I’m always amused when I hear “our system has one million lines of code” bandied about as a point of pride. All that says to me is that most likely you’ve inherited a big ball of mud because when a single system gets that big, well, chances are it’s a Byzantine nightmare.
Starting from green fields, and with new approaches, I’d incline toward keeping your KLOCs low. That is, it’s great to see the first few thousand lines of tested code come on board quickly, but when a system tips 5-10,000? To me that’s a good time to start looking for ways to partition into separate modules, assemblies, packages whatnot. Mind you, I’m not saying that lines of code shouldn’t be the signal, pain in finding stuff and in maintaining should drive your decision and I think that coincides with an increase in lines of code.
Martin Fowler makes a couple nice points about the relative meaningless of KLOCs as a measure of productivity:
- A high KLOC count says nothing about the quality of the design.
- A high KLOC count says nothing about business value delivered.
So are fewer lines of code better?
One of the many appealing things about Ruby culture is that the LOC measure is a sort of golf score: lower is better. It’s a bragging right for the Rubyist that they can express things in not only a more readable form but in a smaller space.
Granted an important consideration for the Rails developer is that they’ve got a framework that’s amplifying their efforts and keeping their application code brief. As of this post Rails has just south of 100,000 lines of code a good chunk of which are tests.

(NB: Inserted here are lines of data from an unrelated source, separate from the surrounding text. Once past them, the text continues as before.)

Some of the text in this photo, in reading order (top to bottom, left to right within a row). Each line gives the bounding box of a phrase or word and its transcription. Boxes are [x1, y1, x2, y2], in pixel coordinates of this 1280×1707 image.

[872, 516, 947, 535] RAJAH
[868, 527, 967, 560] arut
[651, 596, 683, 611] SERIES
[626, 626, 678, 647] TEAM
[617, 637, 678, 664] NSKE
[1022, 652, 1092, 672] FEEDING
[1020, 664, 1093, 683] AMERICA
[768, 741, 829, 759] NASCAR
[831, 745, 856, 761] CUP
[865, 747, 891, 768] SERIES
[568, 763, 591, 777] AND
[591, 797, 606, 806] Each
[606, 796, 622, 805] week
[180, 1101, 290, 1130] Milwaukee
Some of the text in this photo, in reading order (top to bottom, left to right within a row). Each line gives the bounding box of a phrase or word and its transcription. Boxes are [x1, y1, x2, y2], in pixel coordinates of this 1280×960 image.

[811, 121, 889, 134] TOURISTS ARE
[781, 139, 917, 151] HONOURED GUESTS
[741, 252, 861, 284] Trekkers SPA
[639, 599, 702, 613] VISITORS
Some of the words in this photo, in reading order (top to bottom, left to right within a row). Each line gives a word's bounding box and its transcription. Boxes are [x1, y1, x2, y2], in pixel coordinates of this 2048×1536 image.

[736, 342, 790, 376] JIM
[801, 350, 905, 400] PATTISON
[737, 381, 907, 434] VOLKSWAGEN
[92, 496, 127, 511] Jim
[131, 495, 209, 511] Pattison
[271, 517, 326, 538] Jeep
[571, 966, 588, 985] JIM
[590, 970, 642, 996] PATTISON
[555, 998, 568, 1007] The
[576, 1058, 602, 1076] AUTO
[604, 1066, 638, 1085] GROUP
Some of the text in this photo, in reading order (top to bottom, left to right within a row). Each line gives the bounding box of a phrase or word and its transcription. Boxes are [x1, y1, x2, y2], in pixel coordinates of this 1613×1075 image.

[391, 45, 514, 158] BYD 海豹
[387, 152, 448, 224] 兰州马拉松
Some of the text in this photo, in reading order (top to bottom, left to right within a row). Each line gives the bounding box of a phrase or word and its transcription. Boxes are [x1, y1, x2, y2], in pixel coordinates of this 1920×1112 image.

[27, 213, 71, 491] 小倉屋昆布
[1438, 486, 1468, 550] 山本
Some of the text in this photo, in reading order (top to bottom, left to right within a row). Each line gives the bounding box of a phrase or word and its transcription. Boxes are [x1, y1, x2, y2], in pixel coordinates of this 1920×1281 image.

Sidebar: Now let’s take a look at something from the .NET world. Let’s take NHibernate. You know it, you use it, you love it, right? Well there’s over 400,000 Lines of Code! Still interested in writing your own, full-featured ORM? So with rails you get an ORM and the View/Controller framework (and a bunch of other stuff) for 1/4 the price. Wow. To be fair language choice probably has a lot to do with total lines of code and comparing NHibernate with ActiveRecord is really an apple-orange situation.
What should be important to all of us, as application developers, is choosing the right stuff from the community or vendors (if you have to) that can cut down on the code we have to write to get a job done. When your codebase gets unwieldy evolve your design by looking for pieces you can replace with community or by introducing partitions in the form of subsystems, modules, packages, etc.